Last month, German sources close to the NPI bid predicted that the June 14 German phase-out accord between the federal government of Chancellor Gerhard Schroeder and utilities could cause irreparable damage to the project, since Turkey carefully monitors German developments.
Ecevit told the Milliyet newspaper on Sunday that ''We have growing concerns on nuclear energy. The world is abandoning this technology and turning to alternative energy resources.'' On July 25, Ecevit elaborated that Turkey would concentrate instead on developing natural gas and hydroelectric options through at least 2015. This was the recommendation of a report, compiled by the Turkish Atomic Energy Agency (TAEK), to the cabinet on national energy planning. Citing from the TAEK report, Ecevit said Turkey might need nuclear energy ''in 15 to 20 years'' should natural gas reserves begin to be diminished.
During the entire Akkuyu bidding process since the mid-1990s, however, European and U.S. diplomatic sources in Ankara have expressed considerable skepticism that Turkey would commit to a nuclear energy program soon. They said demonstrated reserves of natural gas in the region, particularly in Turkmenistan and Iran, were in fact growing, and foreign partners were convincing Turkish experts that exploiting them quickly would cost less than borrowing billions of dollars for a PWR project (NW, 28 Aug. '97, 10).
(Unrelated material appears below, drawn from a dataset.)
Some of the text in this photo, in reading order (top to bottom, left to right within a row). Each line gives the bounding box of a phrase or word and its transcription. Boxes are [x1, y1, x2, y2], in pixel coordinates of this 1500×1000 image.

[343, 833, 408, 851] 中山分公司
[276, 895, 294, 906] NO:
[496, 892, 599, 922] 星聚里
Underscoring these trends, on the same day Ecevit announced that Akkuyu would be dropped, Turkey announced a partnership between a Texas-based exploration firm and a state-owned Turkish company. The partnership is to begin drilling in southern Turkey with the aim of producing a steady stream of gas by 2004 after an investment of about $ 300-million, a fraction of the projected cost of the nuclear plant.
On July 24, the day Turkey was set to finally select a vendor for Akkuyu, TEAS faxed Siemens, as well as other vendors, saying it could not make a decision because not all members of the company's board of directors were present. But the separate announcement by Ecevit the next day took Siemens by surprise. There was no advance notification of the company's decision, a Siemens spokesman said July 25.
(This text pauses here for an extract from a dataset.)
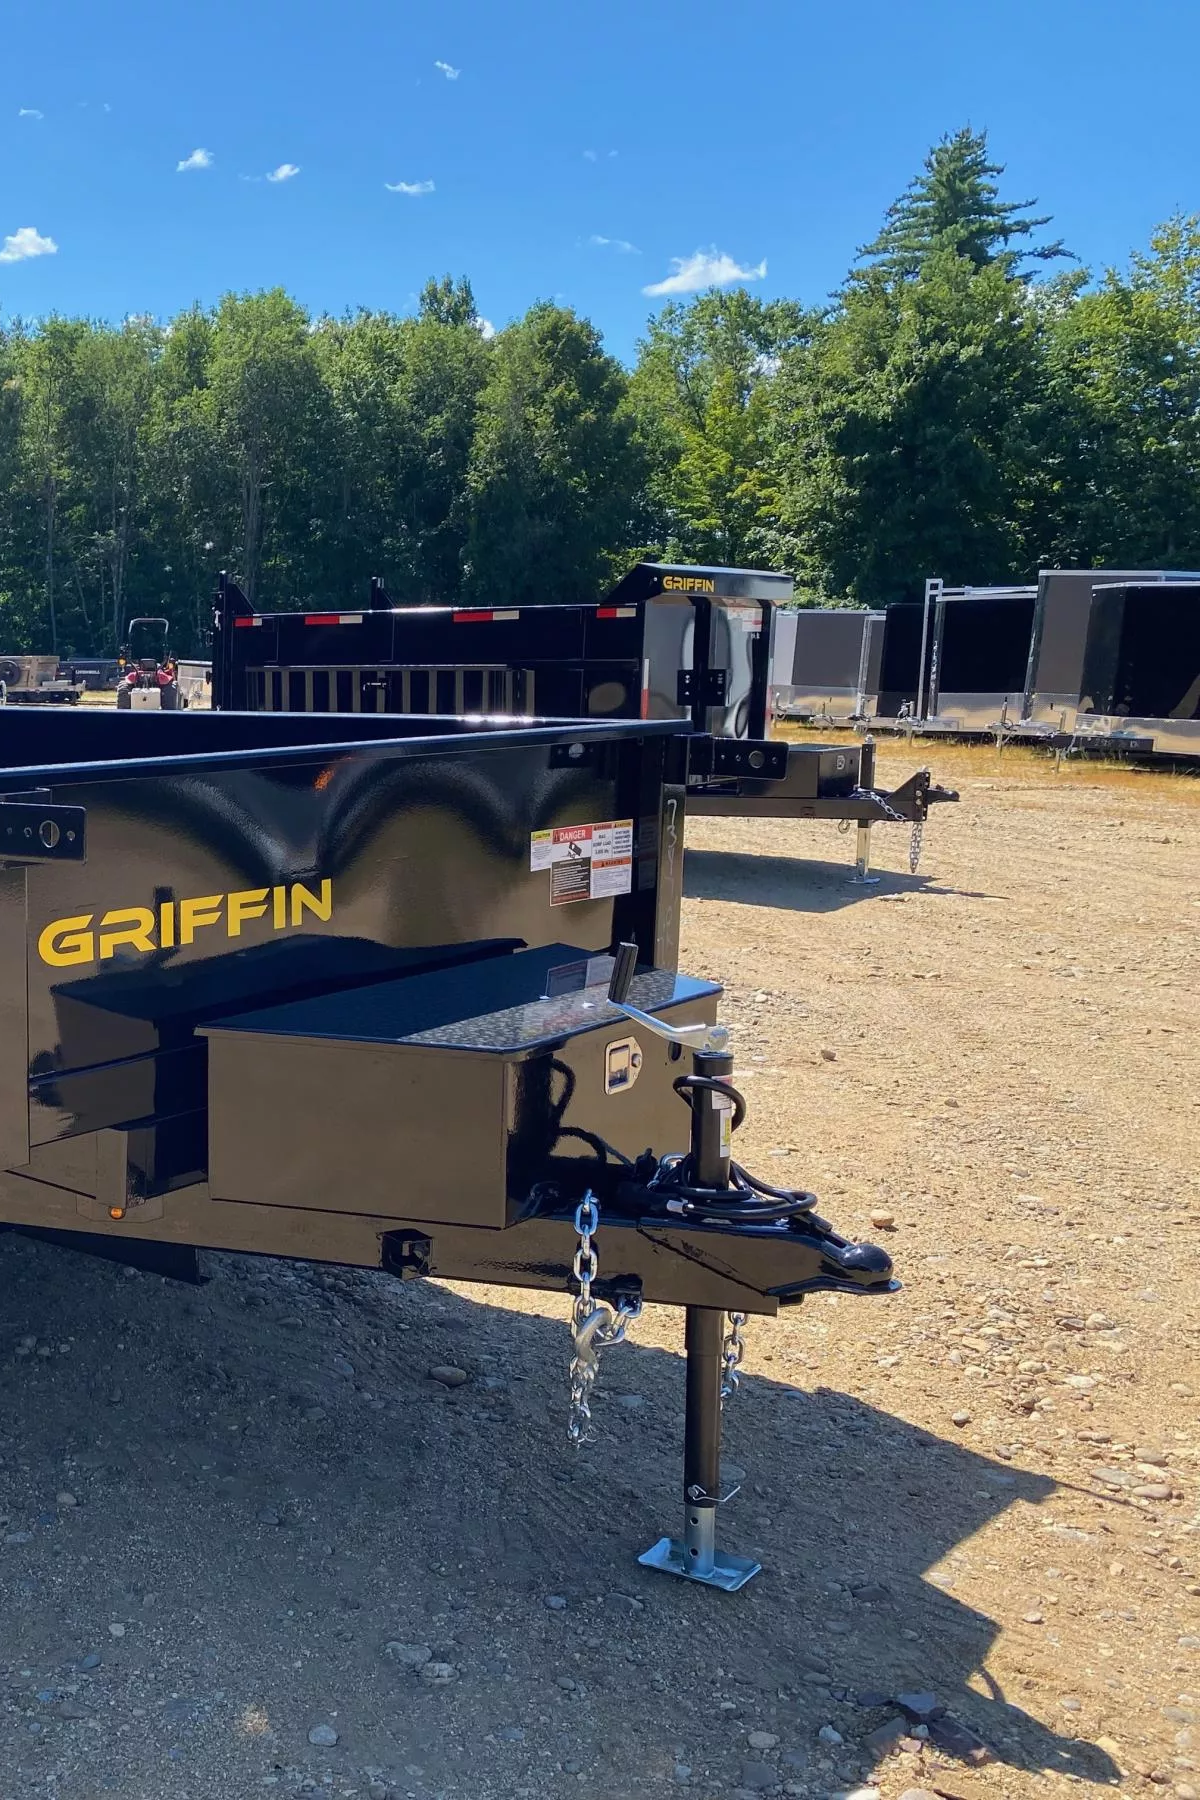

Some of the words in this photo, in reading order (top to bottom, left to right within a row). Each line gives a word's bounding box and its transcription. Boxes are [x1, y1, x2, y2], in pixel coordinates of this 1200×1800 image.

[663, 576, 714, 592] GRIFFIN
[560, 830, 586, 841] DANGER
[38, 879, 333, 967] GRIFFIN
Ecevit said after the cabinet meeting on July 25 that Turkey had ''not given up'' on nuclear power and would re-examine its nuclear option at some future time after Turkey had solved its economic problems. The Siemens spokesman would not acknowledge that the Akkuyu project had been terminated, and indicated the company would not make any further statement until Siemens had considered the matter internally.
Serge Charbonneau, Framatome vice president, international development, said late July 25 that Framatome and its partners in the NPI bid had so far received nothing but a letter from TEAS informing them the decision had been delayed for an eighth time. He said the vendors expect to receive a second missive from the utility soon informing them that the project has been postponed indefinitely. Charbonneau added NPI doesn't expect to be asked to extend its bid for the three years that is considered the minimum before Turkey could theoretically think about the nuclear project again, because ''that isn't done.''
Charbonneau said he could not estimate how much the six main companies in the NPI consortium -- not to mention their scores of subcontractors -- had spent on the Akkuyu bidding, but called the sum ''considerable,'' especially since it's the only true turnkey project they have worked on in years. But he acknowledged that the decision to pull the plug wasn't a surprise for the vendors and that in fact, ''as the postponements (in the Akkuyu project) piled up, our expectations diminished.''
Western industry and diplomatic observers in Ankara remarked that Ecevit's announcement effectively ended the Akkuyu project. They noted Ecevit's statement that Turkey would re-examine the nuclear power option when more advanced reactor technologies and fuels are available at lower cost. ''That sounds like an excuse,'' one German executive said.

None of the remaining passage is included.